Na segunda reportagem sobre arquivos da ditadura militar no Brasil, o blog conta como um amistoso do Santos em Paris, em 1971, foi espionado pelo Dops (Delegacia de Ordem Política e Social).

O caso está registrado em relatório de 9 de junho de 1971 com um título que parece de coluna social: "Notícias da França". Porém, é um documento rico para a discussão sobre o envolvimento ou não do futebol com o regime militar no Brasil (1964 a 1985).

Informante do Dops em Paris, relatou ao órgão festa numa boate com a presença de membros da delegação do Santos, incluindo o mais famoso de todos, Pelé. O time brasileiro enfrentaria um combinado formado pelas equipes do Saint-Étienne e Olympique de Marseille.

O ambiente na casa noturna de uma mulher identificada como "uma tal Règine" não lembraria os tempos de torturas, atentados e mortes no Brasil, não fosse a presença de revolucionários brasileiros. Eles fizeram panfletagem contra o regime e pediram para que quem fosse ao jogo, ao reverenciar a majestade de Pelé, não se esquecesse das vítimas da ditadura.

O espião (ou os espiões, o relatório não precisa quantos eram os infiltrados do regime militar) ficou especialmente indignado com a passividade que notou em João Havelange, então presidente da CBD (Confederação Brasileira de Desportos), antigo nome da CBF.

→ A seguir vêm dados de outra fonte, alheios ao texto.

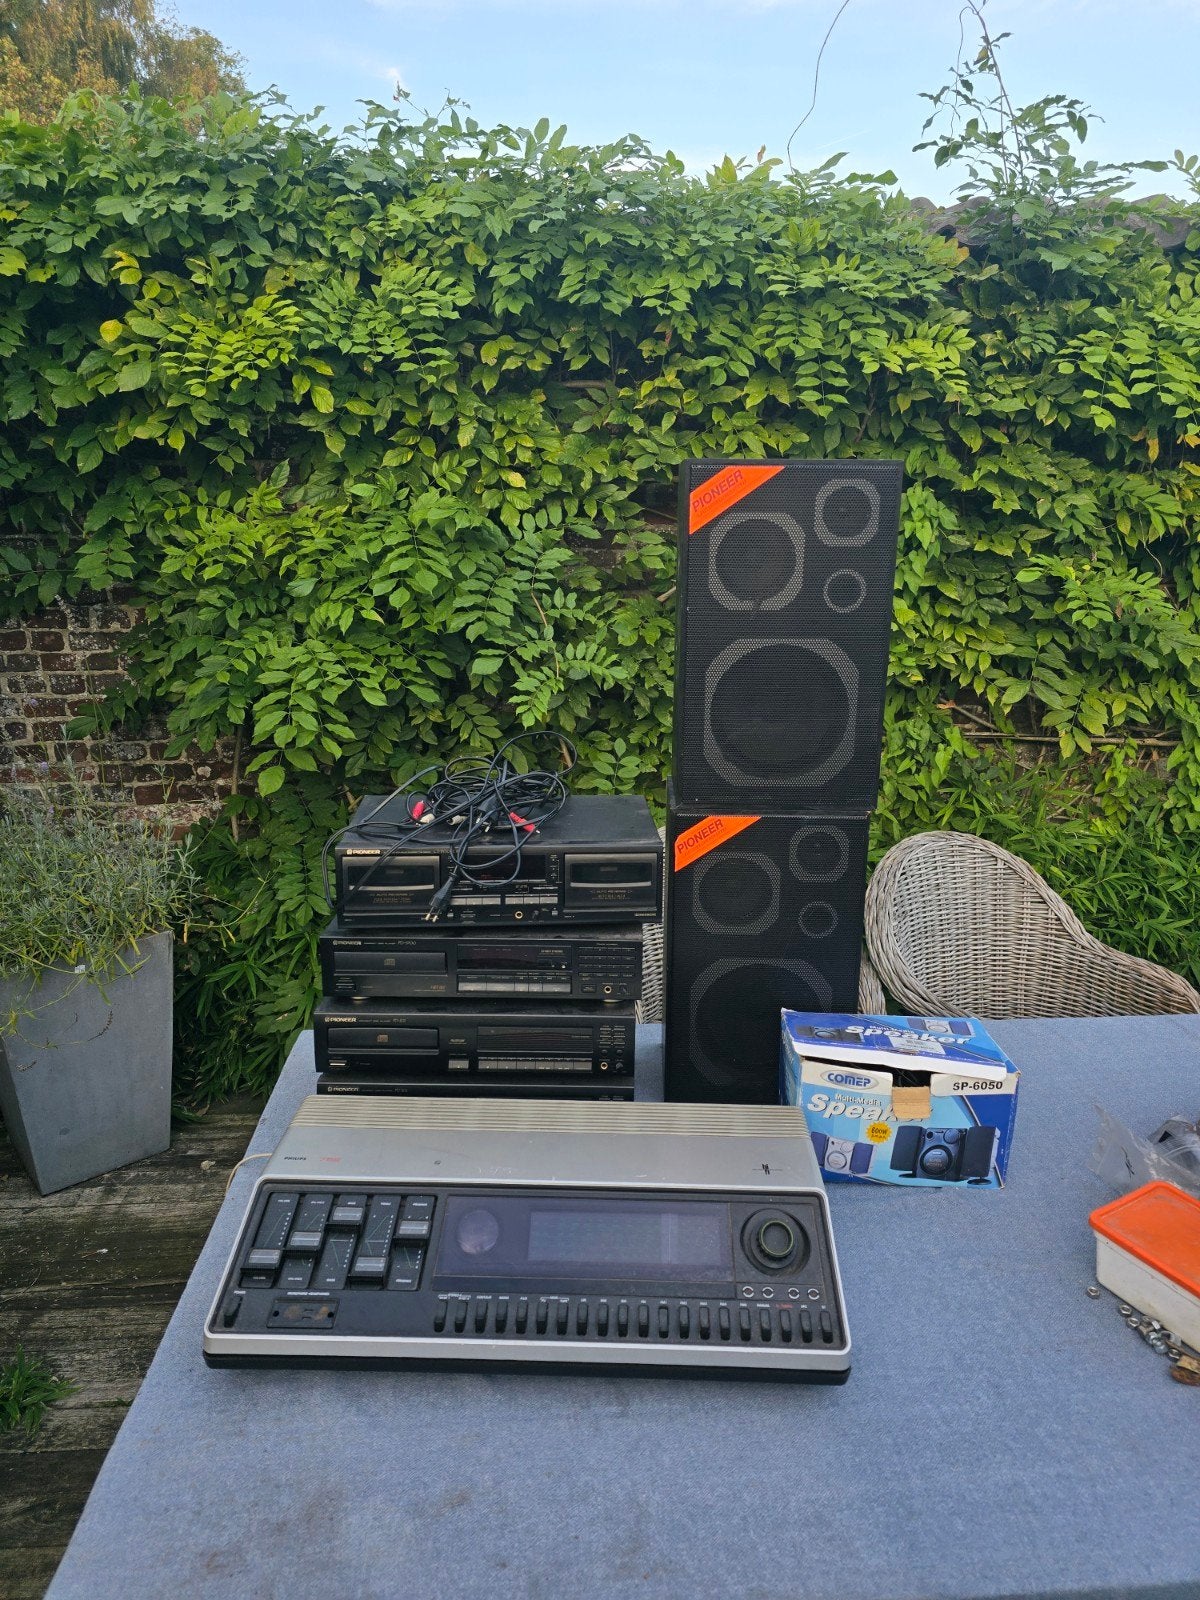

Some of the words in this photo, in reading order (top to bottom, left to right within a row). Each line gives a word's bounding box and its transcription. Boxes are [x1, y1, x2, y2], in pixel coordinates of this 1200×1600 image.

Diz o relato registrado no Dops: "Há pouco, a equipe de futebol do Santos esteve em Paris para uma partida com o combinado "Saint-Étienne-Marseille (fazendo péssima figura por sinal). Lá, muita coisa desagradável aconteceu, principalmente no terreno político-ideológico. E sem nenhuma providência prática, inclusive, do senhor João Havelange que só procurou fazer média com todos porque quer ser presidente da Fifa".

O que se esperava de Havelange, eleito número 1 da Fifa três anos depois, era uma atitude contra ataques ao regime militar e a figuras como Sérgio Fleury, considerado um dos maiores torturadores do período da ditadura.

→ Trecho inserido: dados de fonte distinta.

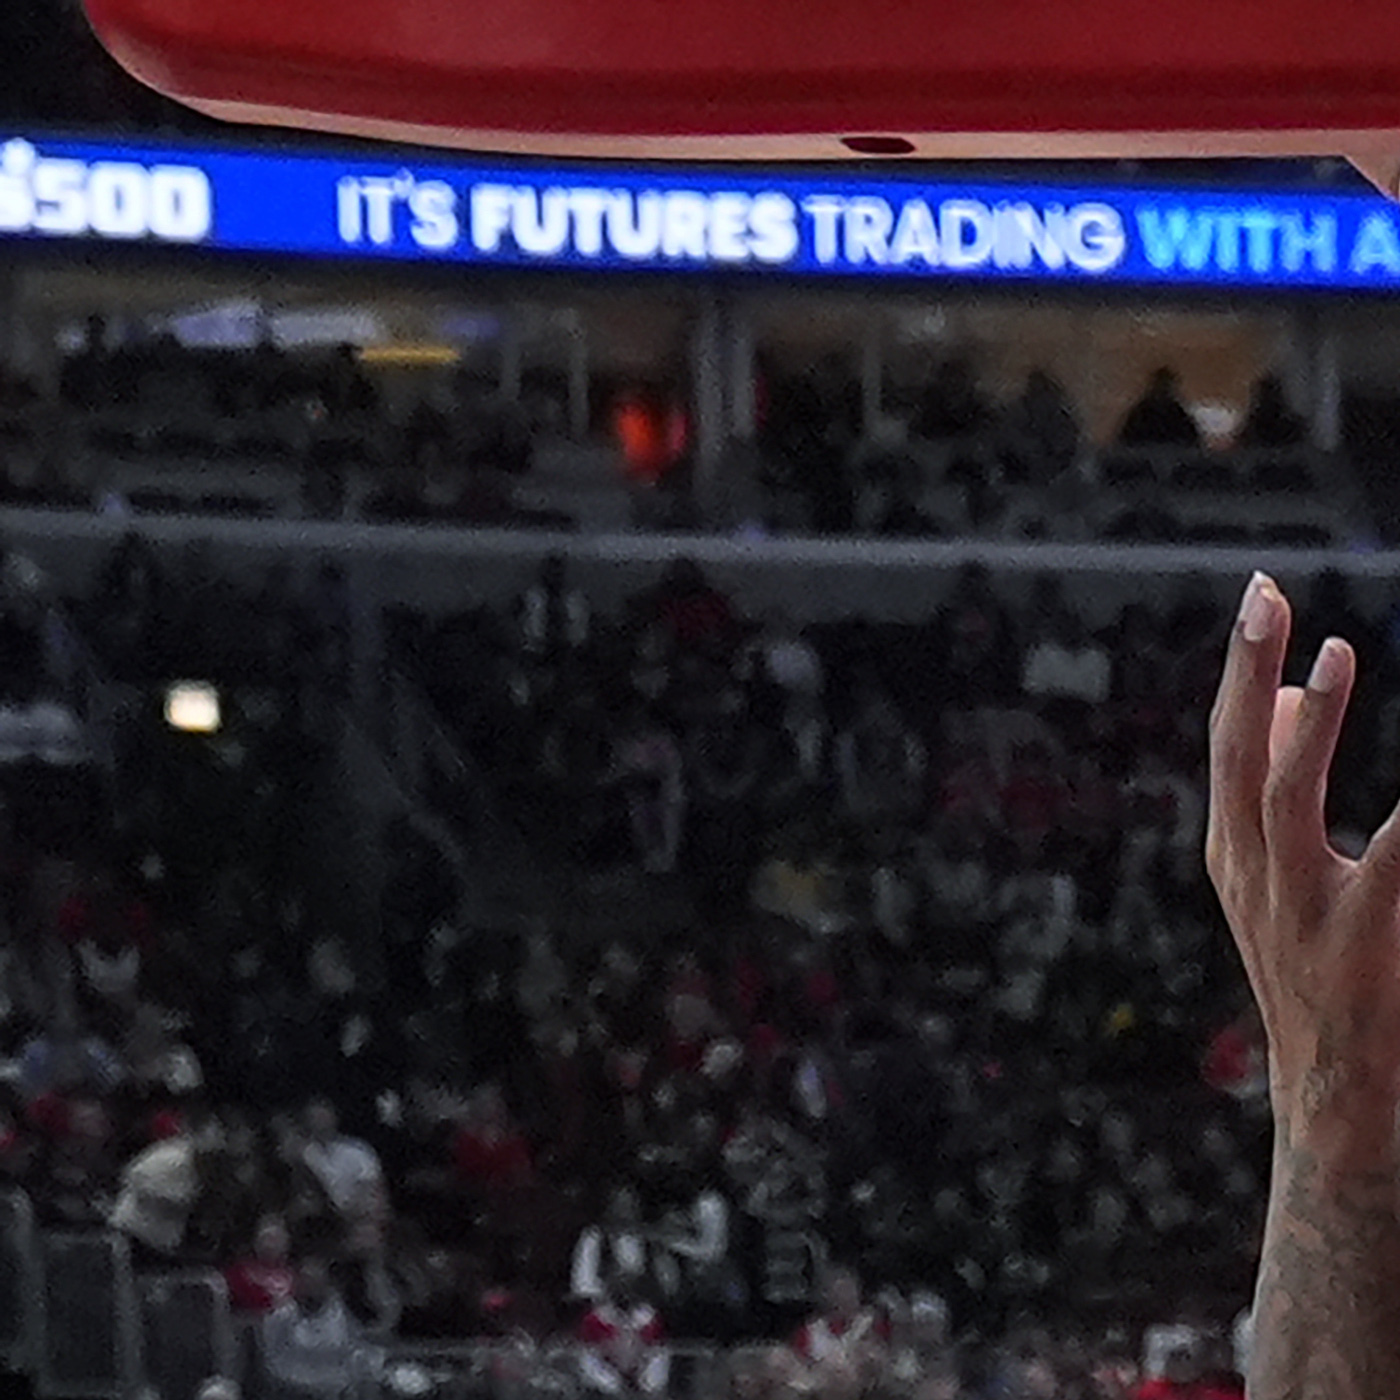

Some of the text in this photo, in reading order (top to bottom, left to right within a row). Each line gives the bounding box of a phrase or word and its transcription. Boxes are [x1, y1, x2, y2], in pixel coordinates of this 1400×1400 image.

[337, 168, 458, 248] IT'S
[470, 182, 800, 264] FUTURES
[802, 193, 1128, 270] TRADING
[1134, 205, 1338, 274] WITH

Pelé também é citado no informe, mas de maneira jocosa. "… Registrou-se grande agitação de natureza política (aí, Pelé resolveu cantar uma música brasileira e deu esta gafe: apresentou La Paloma)", diz trecho do documento.

Após a alfinetada no camisa 10, o relato prossegue informando que promoveu-se tumulto contra "a ditadura imperante em nosso pais" e que "mexem até com nosso doutor Fleury".

A inclusão do nome do delegado em panfleto distribuído durante o evento com a presença dos santistas faz o Dops suspeitar que o autor fosse um brasileiro que havia deixado o país recentemente, Pedro d'Aléssio. A partir daí o relatório lista uma série de nomes e grupos suspeitos de conspirar contra o regime, numa mostra de como a espionagem em volta do amistoso serviu para outras investigações.

Anexada ao relatório, está a versão em português de um manifesto entregue a franceses pelos rebeldes. Com o título "Brasil, campeão do mundo de futebol, campeão do mundo da tortura", o documento retrata como os movimentos de oposição à ditatura interpretavam a relação entre futebol e o governo militar.

O panfleto começa assim: "O jogo a que vocês vão assistir é um jogo de futebol utilizado para fins políticos de propaganda do governo brasileiro. Por que o governo brasileiro sente a necessidade de fazer jogos de propaganda? Porque o governo brasileiro tem que tentar esconder aquilo que ele faz".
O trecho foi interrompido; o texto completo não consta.